→ **Exercise goal**: If a record holds a picture, drop the picture and copy everything else exactly.

→ **Input data**:
━━━━━━

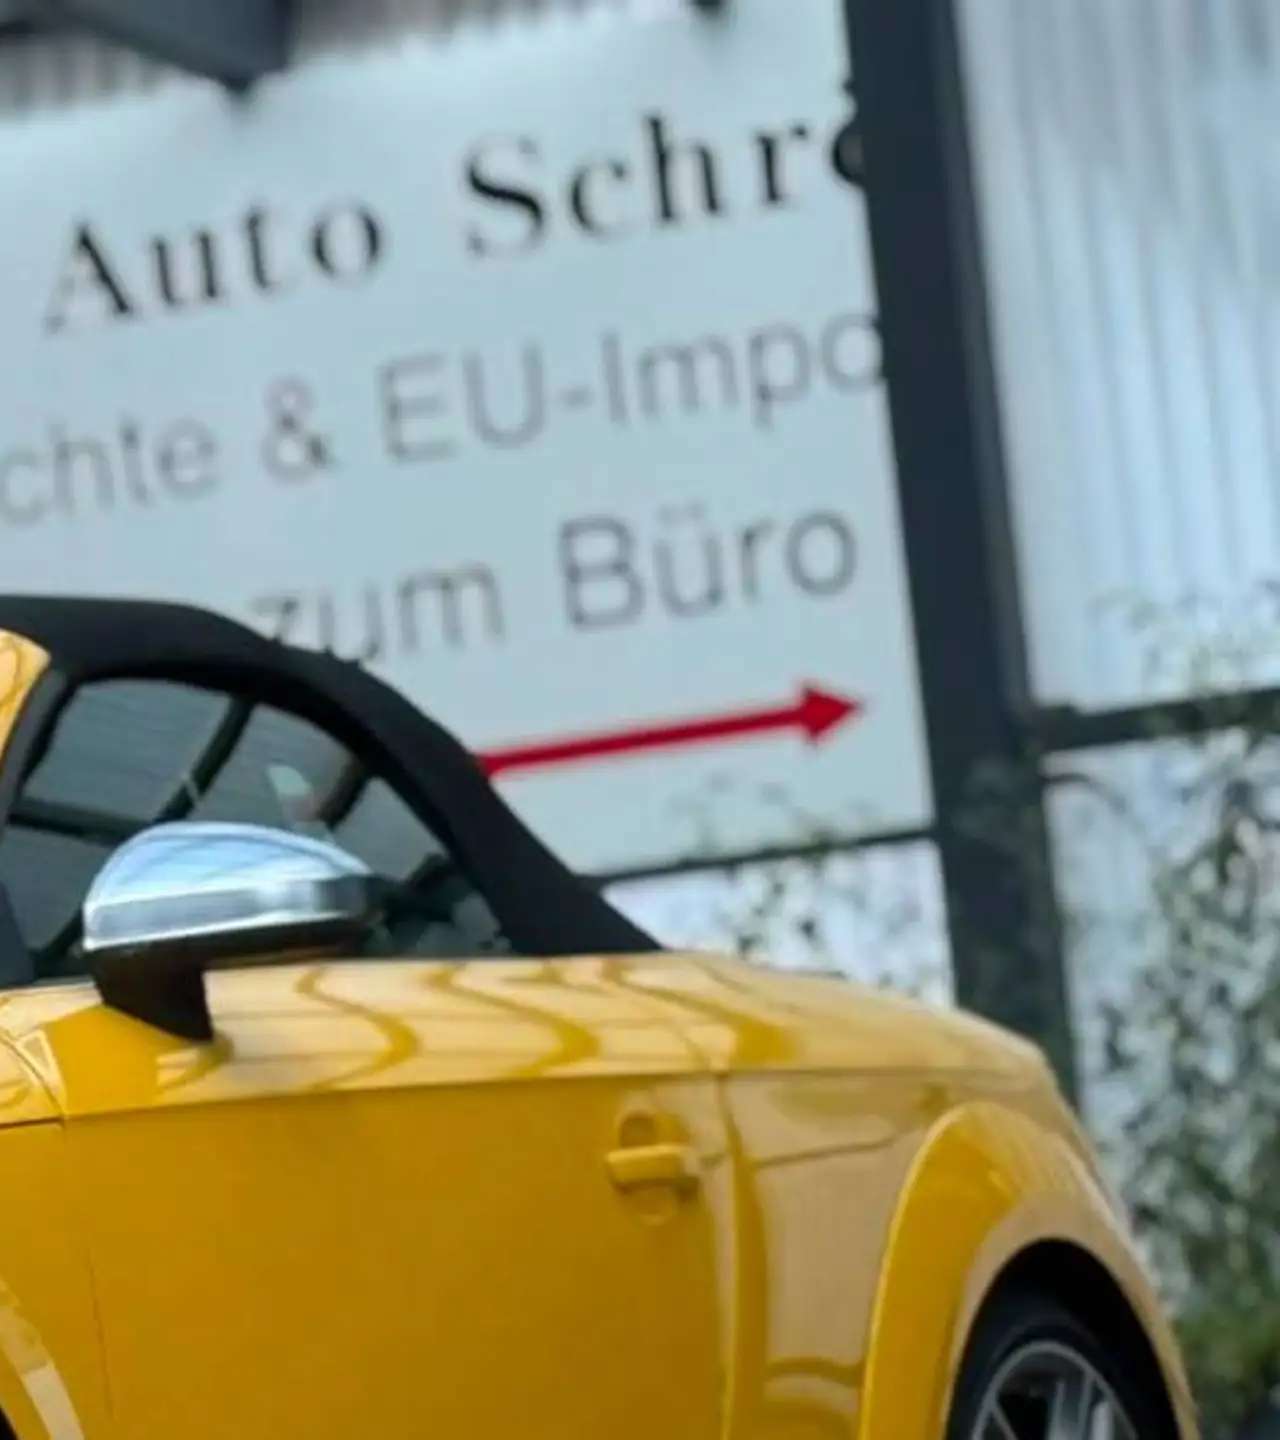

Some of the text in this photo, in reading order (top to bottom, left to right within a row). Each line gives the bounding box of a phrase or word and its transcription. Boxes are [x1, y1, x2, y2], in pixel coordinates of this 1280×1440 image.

[43, 195, 384, 334] Auto
[260, 376, 338, 484] &
[252, 502, 858, 662] zum Büro
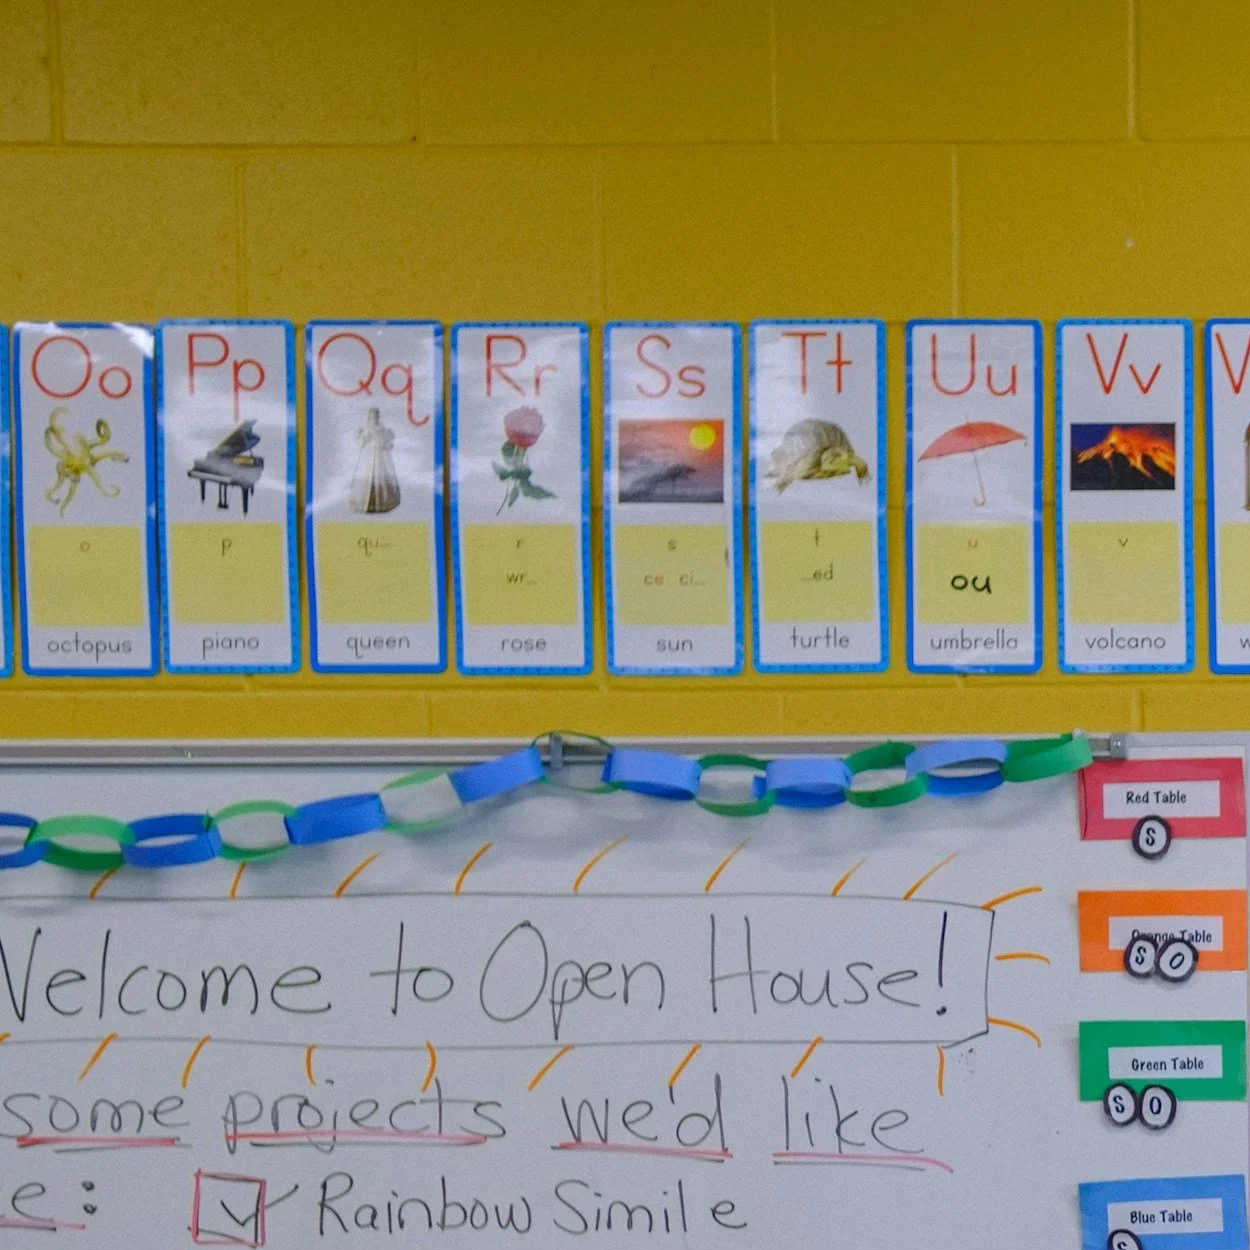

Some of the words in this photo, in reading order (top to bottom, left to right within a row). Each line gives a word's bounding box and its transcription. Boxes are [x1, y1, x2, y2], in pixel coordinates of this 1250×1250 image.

[31, 336, 132, 399] Oo
[186, 332, 265, 421] Pp
[484, 334, 559, 398] Rr
[636, 334, 706, 398] Ss
[781, 332, 852, 394] Tt
[930, 333, 1017, 396] Uu
[1085, 332, 1161, 394] Vv
[317, 332, 430, 426] Qq
[951, 573, 992, 594] ou
[47, 631, 132, 662] octopus
[202, 632, 260, 659] piano
[347, 634, 411, 660] queen
[500, 635, 547, 653] rose
[656, 636, 693, 653] sun
[790, 627, 850, 650] turtle
[930, 629, 1018, 650] umbrella
[1084, 629, 1165, 651] volcano
[1126, 791, 1149, 803] Red
[1154, 791, 1186, 804] Table
[1180, 929, 1212, 943] Table
[370, 922, 454, 1016] to
[480, 920, 665, 1040] Open
[709, 911, 947, 1016] House!
[1132, 1058, 1167, 1071] Green
[1172, 1058, 1204, 1070] Table
[0, 1092, 191, 1138] some
[223, 1078, 506, 1154] projects
[562, 1074, 729, 1154] we'd
[782, 1075, 925, 1154] like
[318, 1172, 532, 1237] Rainbow
[553, 1179, 746, 1236] Simile
[1130, 1211, 1155, 1223] Blue
[1160, 1210, 1193, 1222] Table
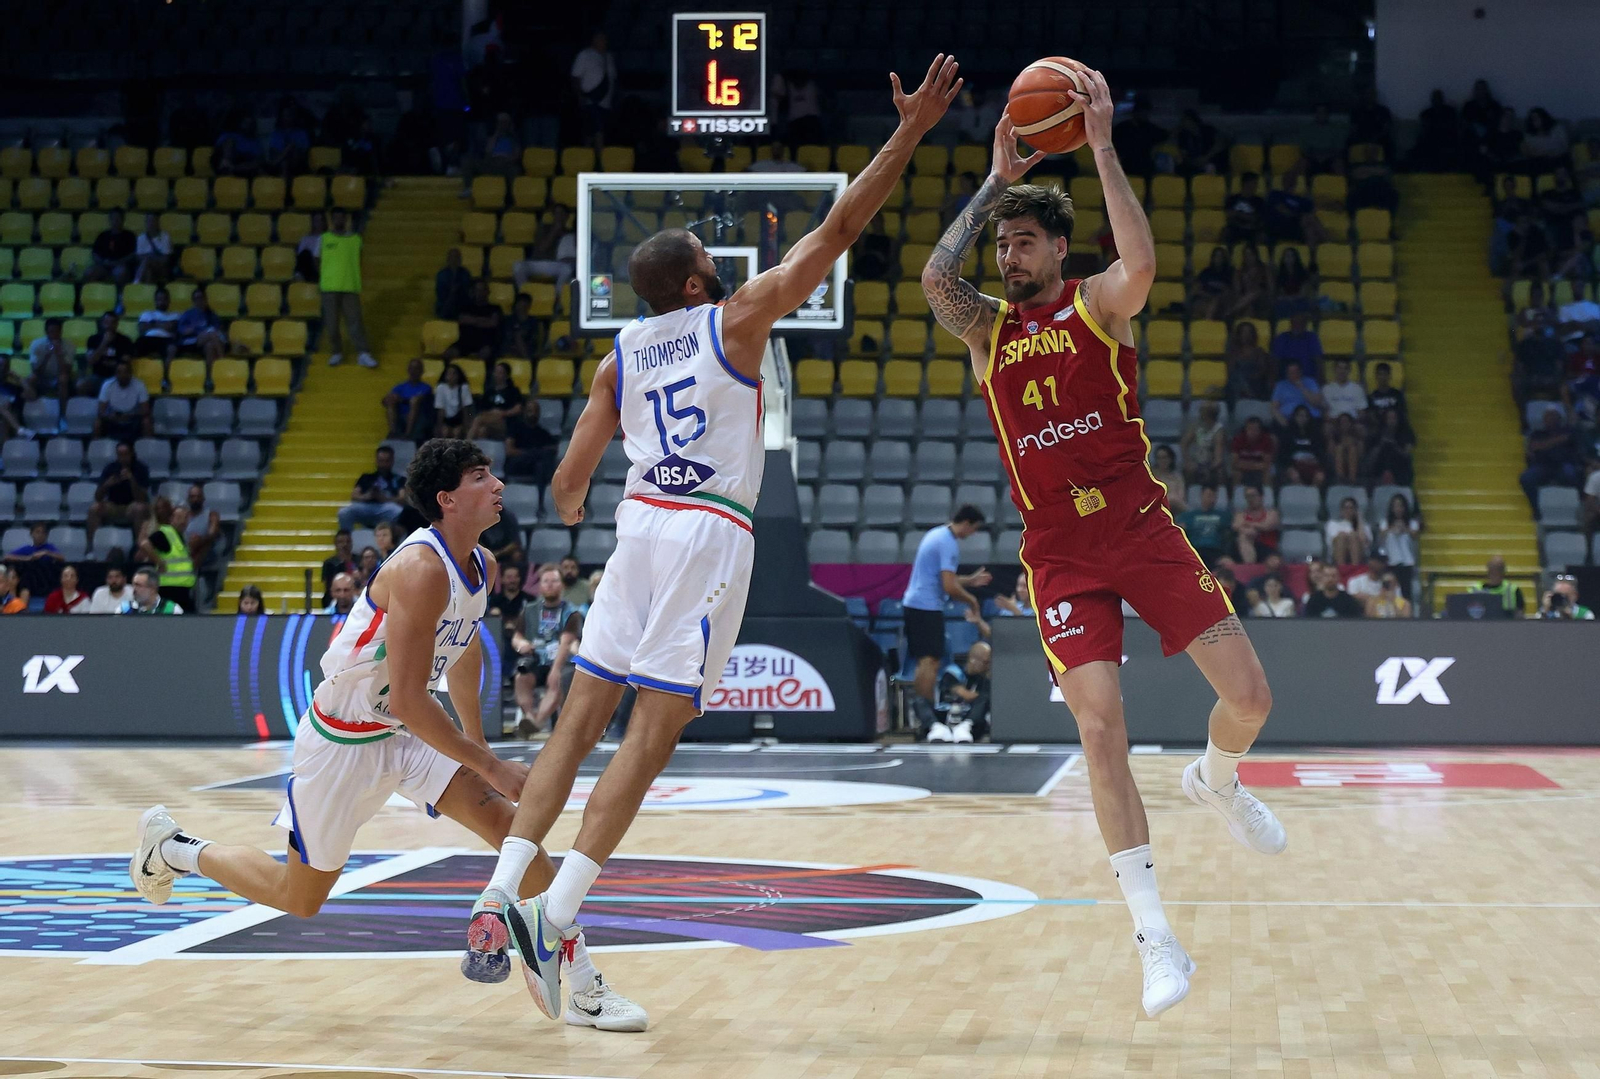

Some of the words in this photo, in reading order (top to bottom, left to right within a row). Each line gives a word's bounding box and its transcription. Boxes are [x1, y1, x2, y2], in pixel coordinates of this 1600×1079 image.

━━━━━━

→ **Exercise output**:
Some of the text in this photo, in reading order (top to bottom, left to right within a row). Each line gives the bounding box of a phrase or word and its transcription. Boxes are [x1, y1, x2, y2], in pixel coordinates of this 1280×1440 image.

[43, 195, 384, 334] Auto
[260, 376, 338, 484] &
[252, 502, 858, 662] zum Büro

Some of the words in this photo, in reading order (top to bottom, left to right within a row). Each line gives a word's bounding box and its transcription. Boxes are [x1, y1, x2, y2], in pixel coordinates of this 1250×1250 image.

[31, 336, 132, 399] Oo
[186, 332, 265, 421] Pp
[484, 334, 559, 398] Rr
[636, 334, 706, 398] Ss
[781, 332, 852, 394] Tt
[930, 333, 1017, 396] Uu
[1085, 332, 1161, 394] Vv
[317, 332, 430, 426] Qq
[951, 573, 992, 594] ou
[47, 631, 132, 662] octopus
[202, 632, 260, 659] piano
[347, 634, 411, 660] queen
[500, 635, 547, 653] rose
[656, 636, 693, 653] sun
[790, 627, 850, 650] turtle
[930, 629, 1018, 650] umbrella
[1084, 629, 1165, 651] volcano
[1126, 791, 1149, 803] Red
[1154, 791, 1186, 804] Table
[1180, 929, 1212, 943] Table
[370, 922, 454, 1016] to
[480, 920, 665, 1040] Open
[709, 911, 947, 1016] House!
[1132, 1058, 1167, 1071] Green
[1172, 1058, 1204, 1070] Table
[0, 1092, 191, 1138] some
[223, 1078, 506, 1154] projects
[562, 1074, 729, 1154] we'd
[782, 1075, 925, 1154] like
[318, 1172, 532, 1237] Rainbow
[553, 1179, 746, 1236] Simile
[1130, 1211, 1155, 1223] Blue
[1160, 1210, 1193, 1222] Table

Some of the words in this photo, in reading order (top to bottom, left to right within a row). Each line gives a word's bounding box and its transcription. Boxes are [x1, y1, x2, y2], in pixel coordinates of this 1600×1079 image.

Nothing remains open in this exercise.